I was looking for an old pic last night and ran across these pics below. It got me thinking that this was my first big mechanical project on my own. I'd done lots of brakes, starters, alternators, etc. on my cars but hadn't really developed much mechanical sense yet. I'd helped do engine swaps, clutches, etc. but in those cases, it wasn't my stuff on the line if I screwed up. When I was 22 I decided that I was going to go motorcycle road racing, and even though my RZ350 was fully functional, I had it in my head that it needed to be freshly rebuilt and fast before I could race it. I've since learned to appreciate racing clapped-out stuff, but that's another story.
Anyway, it was a last minute decision - my friends and I were in FL for bike week and the bug to race hit me hard. I sent the crank off to Falicon, sent the cylinders off for porting, ordered everything else from my local dealer and set about a full rebuild. It was a rushed effort to make the school I'd signed up for a few weeks later.
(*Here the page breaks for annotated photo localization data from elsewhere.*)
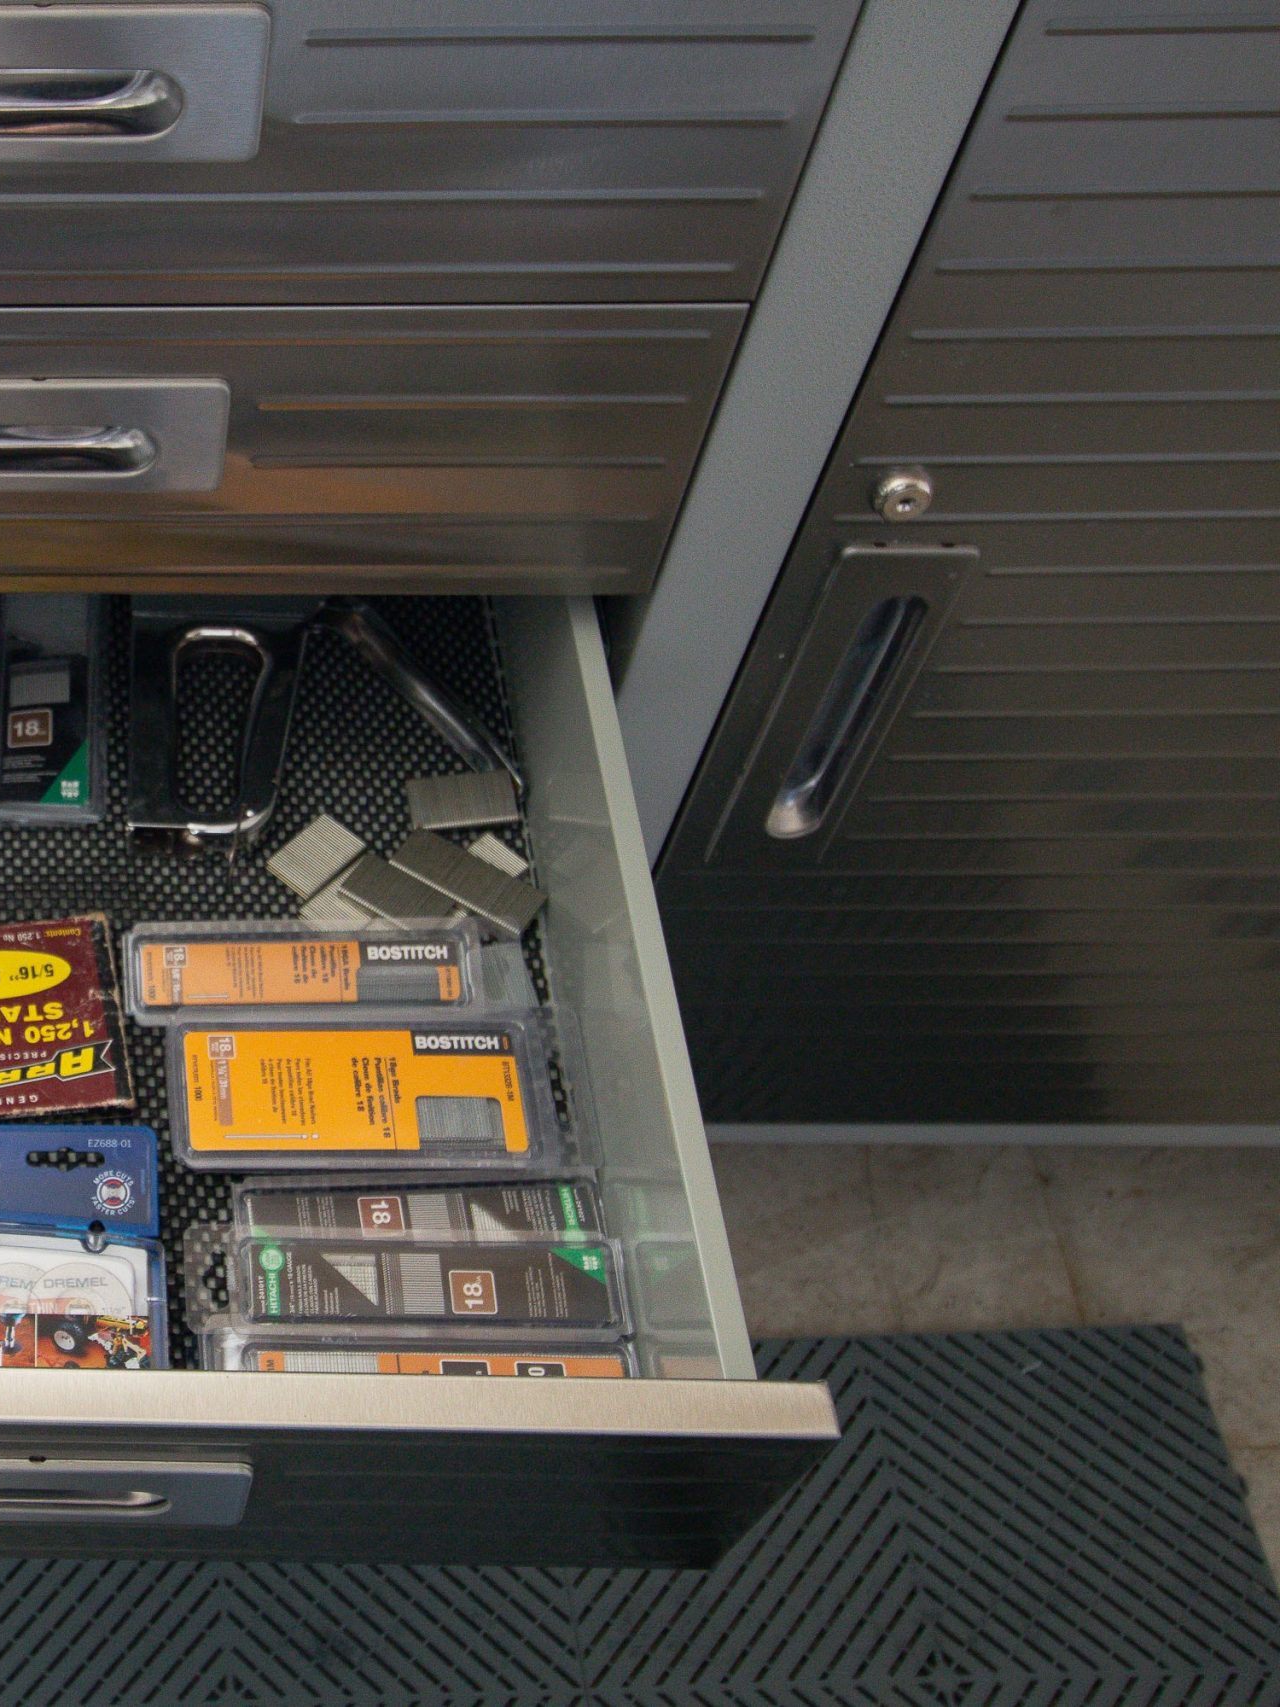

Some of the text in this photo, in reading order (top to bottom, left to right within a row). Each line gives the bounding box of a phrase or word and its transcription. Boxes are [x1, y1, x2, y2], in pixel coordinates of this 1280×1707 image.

[14, 720, 39, 736] 18
[366, 946, 448, 961] BOSTITCH
[25, 1021, 95, 1044] 1,250
[219, 1038, 232, 1052] 18
[414, 1036, 500, 1050] BOSTITCH
[352, 1057, 360, 1068] de
[356, 1100, 365, 1112] 18
[366, 1083, 373, 1094] de
[382, 1126, 392, 1138] 18
[88, 1138, 132, 1148] EZ688-01
[93, 1170, 134, 1186] MORE CUTS
[91, 1196, 116, 1216] FASTER
[370, 1200, 390, 1226] 18
[561, 1188, 574, 1226] HITACHI
[44, 1276, 108, 1288] DREMEL
[268, 1272, 278, 1314] HITACHI
[463, 1283, 484, 1309] 18
The pic of me is at a point where I sat back and wondered if I'd ever be able to put it all back together. Amazingly, it all worked! Given the work environment, and the knucklehead doing the work, that was pretty amazing.
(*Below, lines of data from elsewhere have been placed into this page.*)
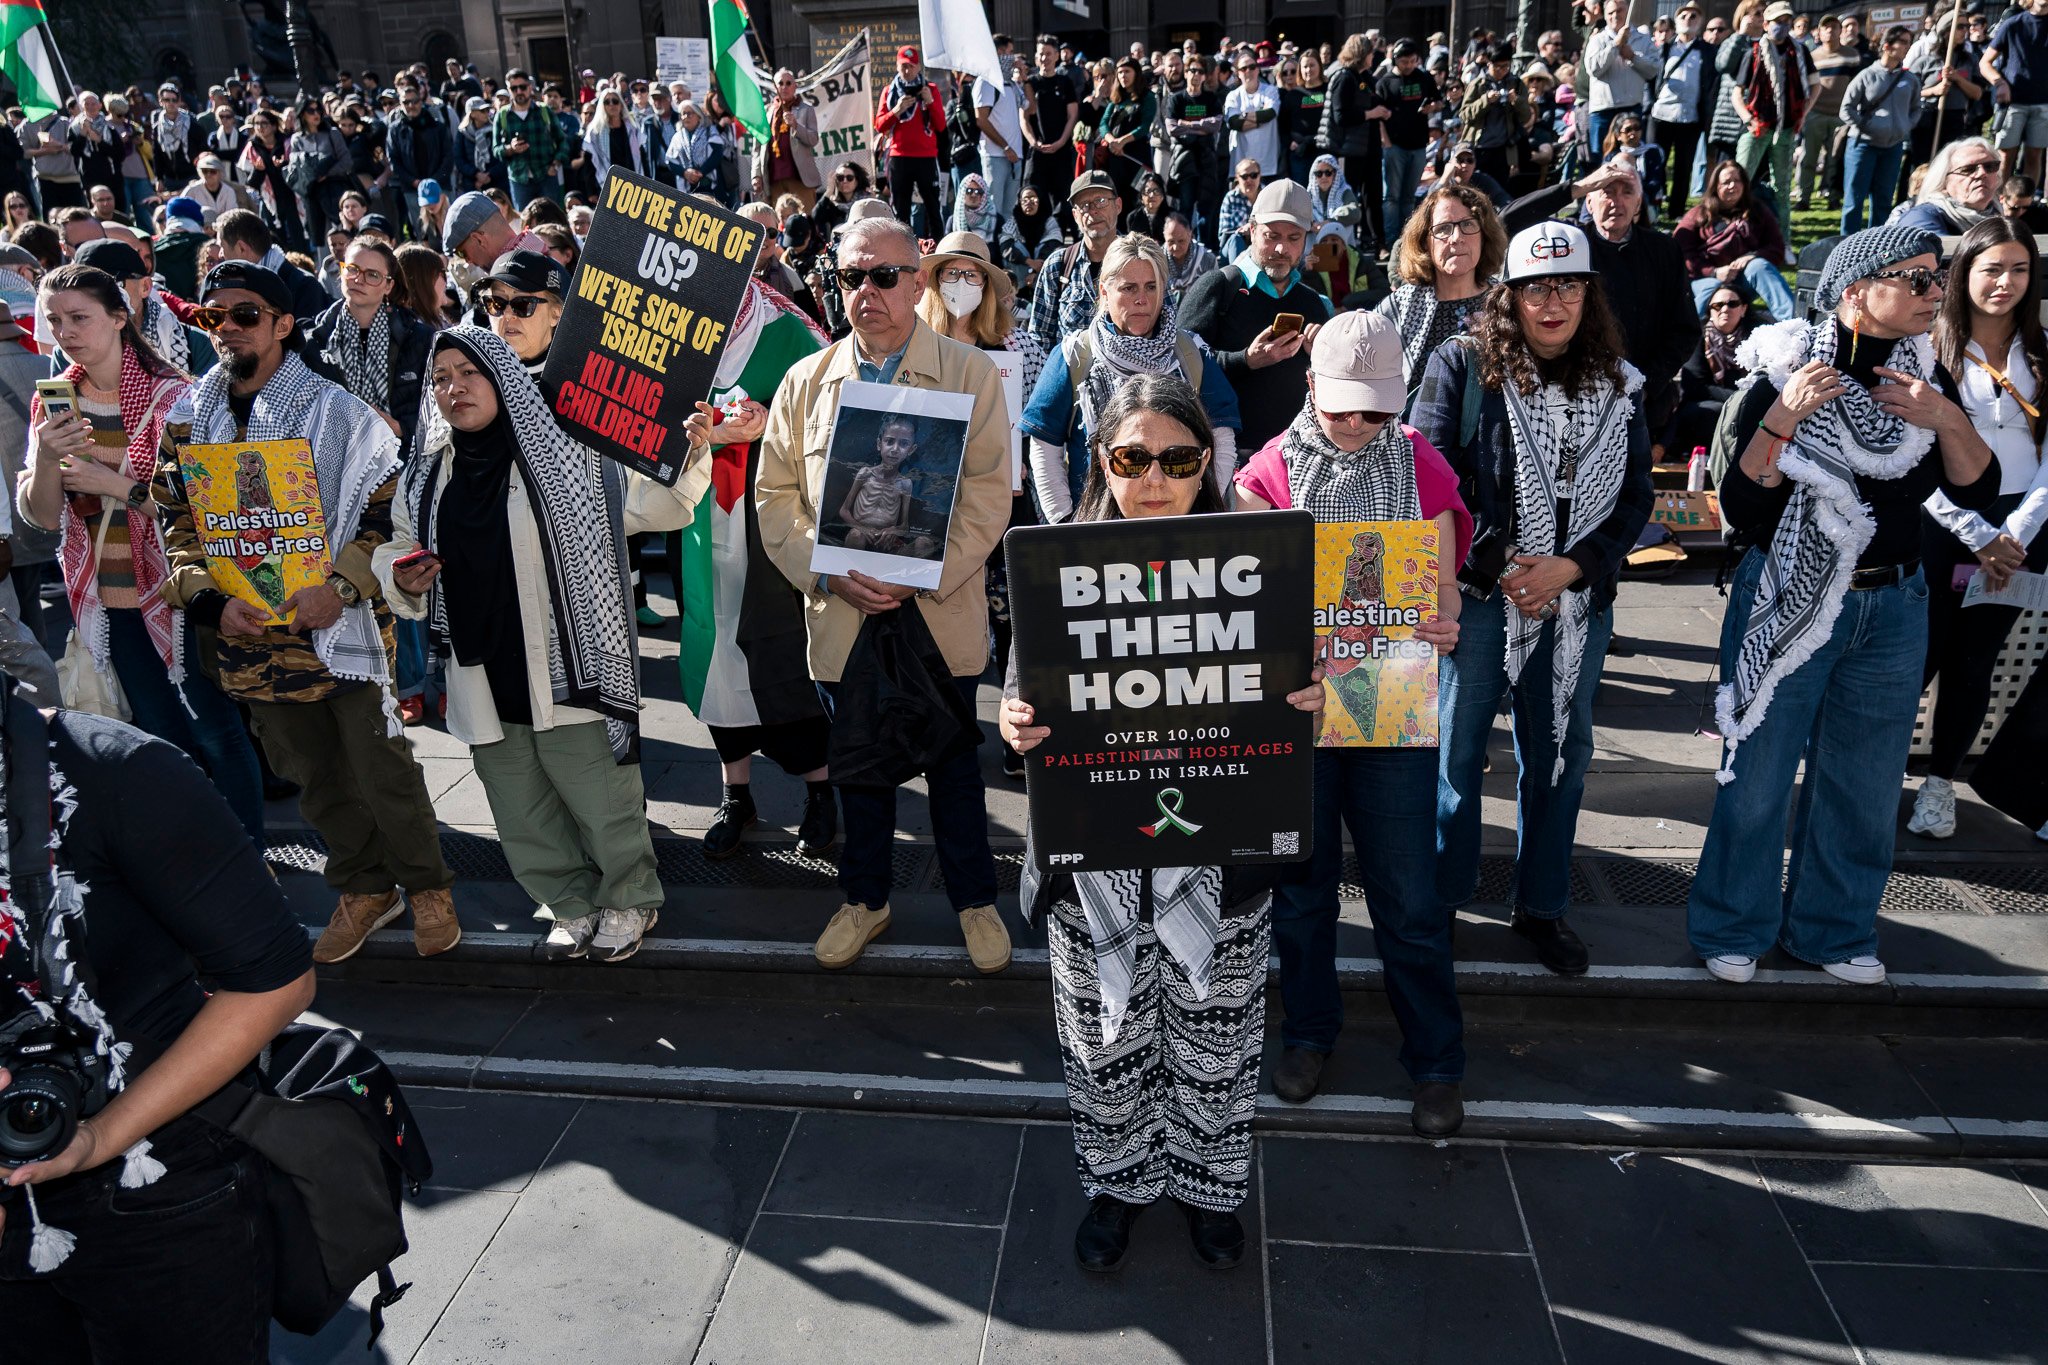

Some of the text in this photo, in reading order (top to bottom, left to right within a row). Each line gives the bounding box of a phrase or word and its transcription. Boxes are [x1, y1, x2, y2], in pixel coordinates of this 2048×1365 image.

[821, 65, 866, 103] BAY
[606, 175, 756, 264] YOU'RE SICK OF
[637, 233, 699, 292] US?
[578, 263, 726, 355] WE'RE SICK OF
[600, 311, 681, 374] 'ISRAEL'
[579, 350, 665, 419] KILLING
[555, 380, 668, 462] CHILDREN!
[205, 509, 308, 531] Palestine
[204, 536, 324, 557] will be Free
[1059, 555, 1262, 607] BRING
[1313, 603, 1420, 626] alestine
[1067, 610, 1256, 659] THEM
[1333, 637, 1367, 659] be
[1372, 637, 1433, 659] Free
[1068, 663, 1263, 712] HOME
[1104, 726, 1231, 745] OVER 10,000
[1411, 736, 1436, 745] FPP
[1044, 742, 1294, 767] PALESTINIAN HOSTAGES
[1089, 763, 1249, 783] HELD IN ISRAEL
[1049, 853, 1084, 865] FPP
[21, 1043, 52, 1054] Canon
What about you? What was the first project where you took that big bite?
buzzboy
UltraDork
12/17/24 11:37 a.m.
I knew I wanted a cool old car as my first car. I ended up buying a '74 Beetle that was in fine condition and ran well. We all know what that means, "if it ain't broke, fix it until it is." I bought the car in September and by December I'd started building a hotter engine for it. That engine build took me WAY longer than an ACVW engine build should and it lasted less than 200 miles before ejecting all the oil and seizing a main bearing. The second engine I built ran much better and took less time to build!
Tom1200
PowerDork
12/17/24 11:50 a.m.
Mine was a bike as well.
I have a thing for small GP bikes and the teenage me wanted to be 125cc World Champion.
It took till I was 24 to be able to afford a race bike. This was my 1978 MT125RII. I completely dissembled it and refurbished everything along with adding an upgraded front brake.
Trent
UltimaDork
12/17/24 11:51 a.m.
I grew up helping my dad build aircooled VW motors, but the headgasket on my 1985 XR4Ti was the first big one in my memory. It is a lot different when the girlfriend needs to make it to work on Monday.
It was a big step up from oil changes and ball joints to 19 year old Trent. I only had very basic hand tools, a Chilton manual, a NAPA within walking distance and a gravel parking space. It was 100 degrees out.
After 5 hours of getting everything ready, that cast iron head felt like it weighed 200 pounds when I pulled it off.
I only had to call my dad for help once and he simply pointed and told me what I needed to do. Fair play to him. I learned a lot.
Good topic, I grew up tinkering with things pulling them apart, putting them back together but all of those things weren't "mine".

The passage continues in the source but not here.